── Data for review

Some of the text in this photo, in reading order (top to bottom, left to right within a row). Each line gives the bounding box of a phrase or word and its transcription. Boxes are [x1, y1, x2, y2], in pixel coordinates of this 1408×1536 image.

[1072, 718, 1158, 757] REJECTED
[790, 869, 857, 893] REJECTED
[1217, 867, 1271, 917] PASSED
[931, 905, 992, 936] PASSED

────

• **What the task asks**:
Print out all of the records above, word for word.

• **Solution below**:
Some of the text in this photo, in reading order (top to bottom, left to right within a row). Each line gives the bounding box of a phrase or word and its transcription. Boxes are [x1, y1, x2, y2], in pixel coordinates of this 1408×1536 image.

[1072, 718, 1158, 757] REJECTED
[790, 869, 857, 893] REJECTED
[1217, 867, 1271, 917] PASSED
[931, 905, 992, 936] PASSED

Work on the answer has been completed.